In his review on Allmusic, Ron Wynn noted: "Barron stretches out and plays both flashy and easy, hot and cool, on this '88 set cut at Fat Tuesday's in New York."

Professional ratings
Review scores
| Source | Rating |
| Allmusic | Star |

== Track listing ==
All compositions by Kenny Barron except where noted.

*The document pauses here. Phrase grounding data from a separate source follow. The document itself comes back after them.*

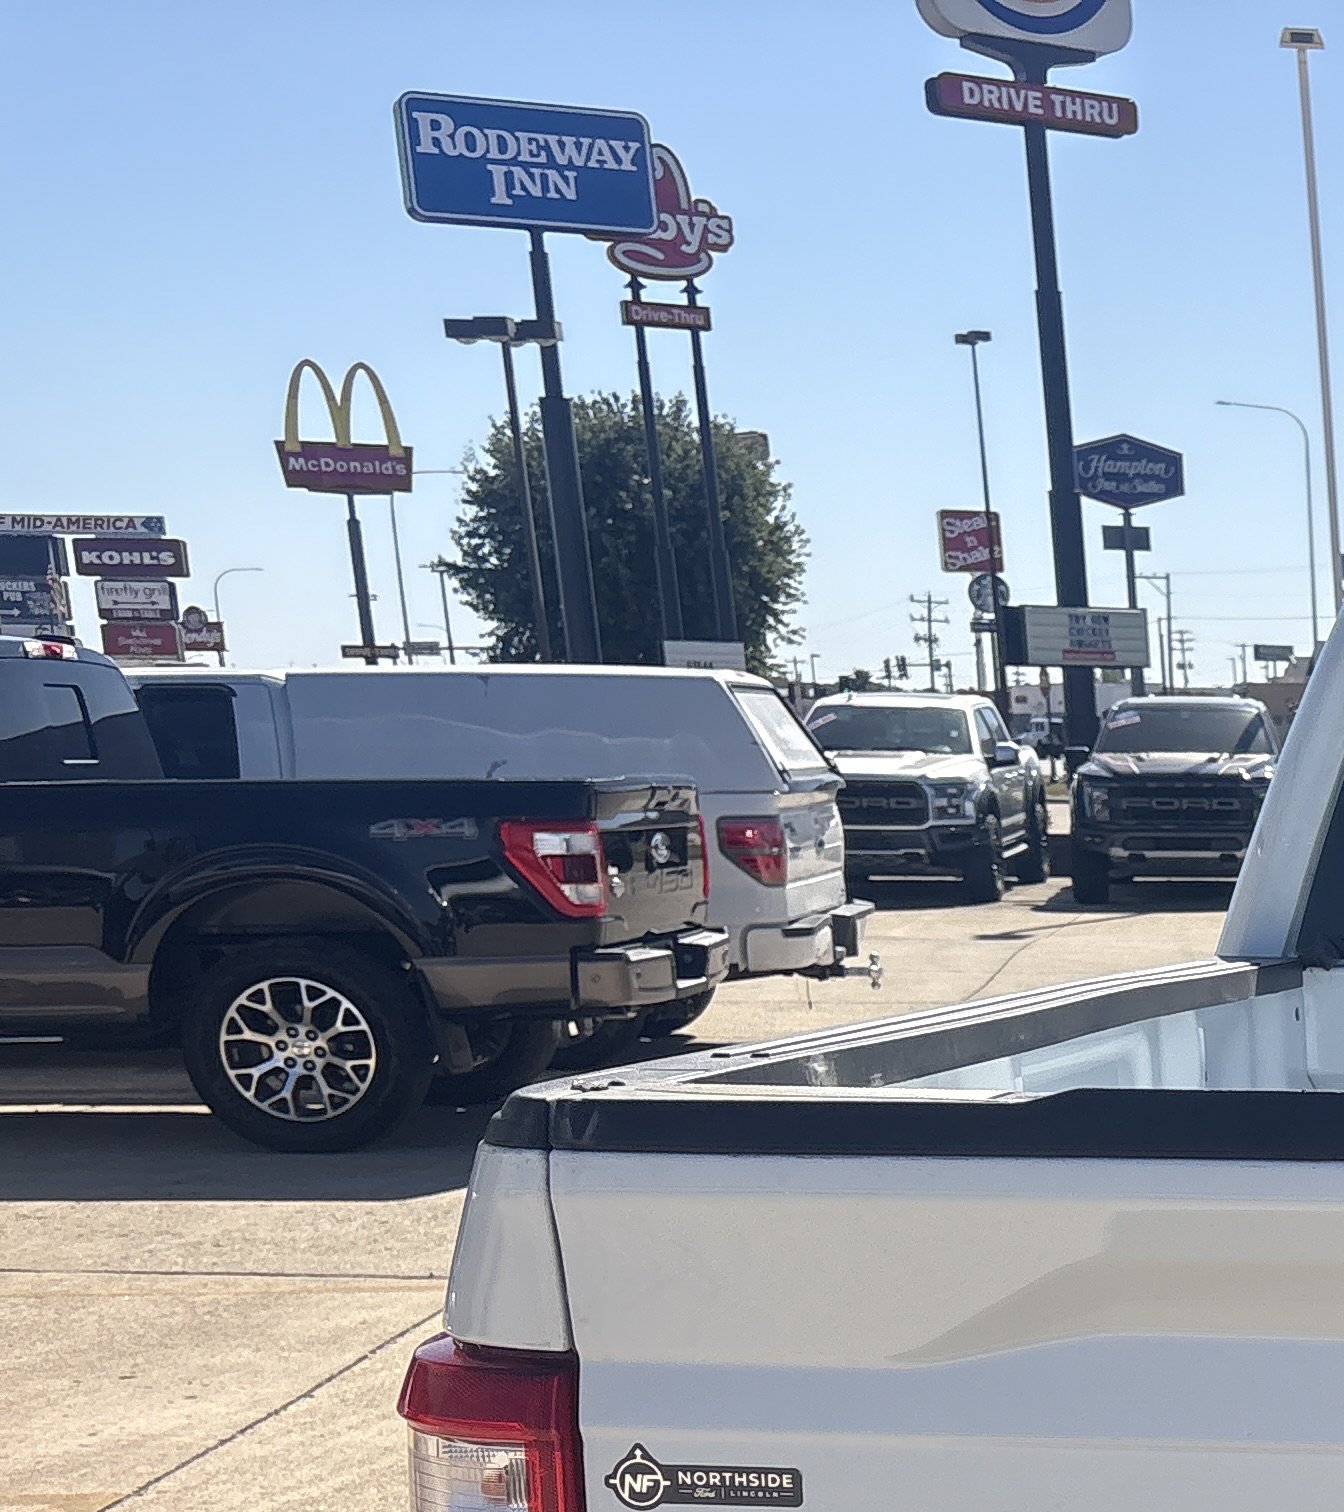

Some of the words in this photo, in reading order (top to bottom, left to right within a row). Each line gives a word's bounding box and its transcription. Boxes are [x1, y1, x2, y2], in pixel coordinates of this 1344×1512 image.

[961, 81, 1044, 116] DRIVE
[1050, 94, 1119, 126] THRU
[412, 111, 642, 172] RODEWAY
[486, 163, 578, 206] INN
[631, 304, 705, 326] Drive-Thru
[288, 456, 407, 476] McDonald's
[1079, 454, 1175, 478] Hampton
[11, 516, 137, 531] MID-AMERICA
[81, 550, 176, 566] KOHL'S
[1121, 798, 1241, 811] FORD
[677, 1471, 794, 1488] NORTHSIDE

1. "There Is No Greater Love" (Isham Jones, Marty Symes) – 8:34
2. "Misterioso" (Thelonious Monk) – 7:18
3. "Lunacy" – 8:24
4. "Sand Dune" – 12:14
5. "518" – 10:02
6. "Something for Ramone" (John Stubblefield) – 11:18 Bonus track on CD
7. "Dreams" (Eddie Henderson) – 12:11 Bonus track on CD

== Personnel ==
- Kenny Barron – piano
- Eddie Henderson – trumpet (tracks 1 & 3–7)
- John Stubblefield – tenor saxophone (tracks 1 & 3–7)
- Cecil McBee – bass (tracks 1 & 3–7)
- Victor Lewis – drums (tracks 1 & 3–7)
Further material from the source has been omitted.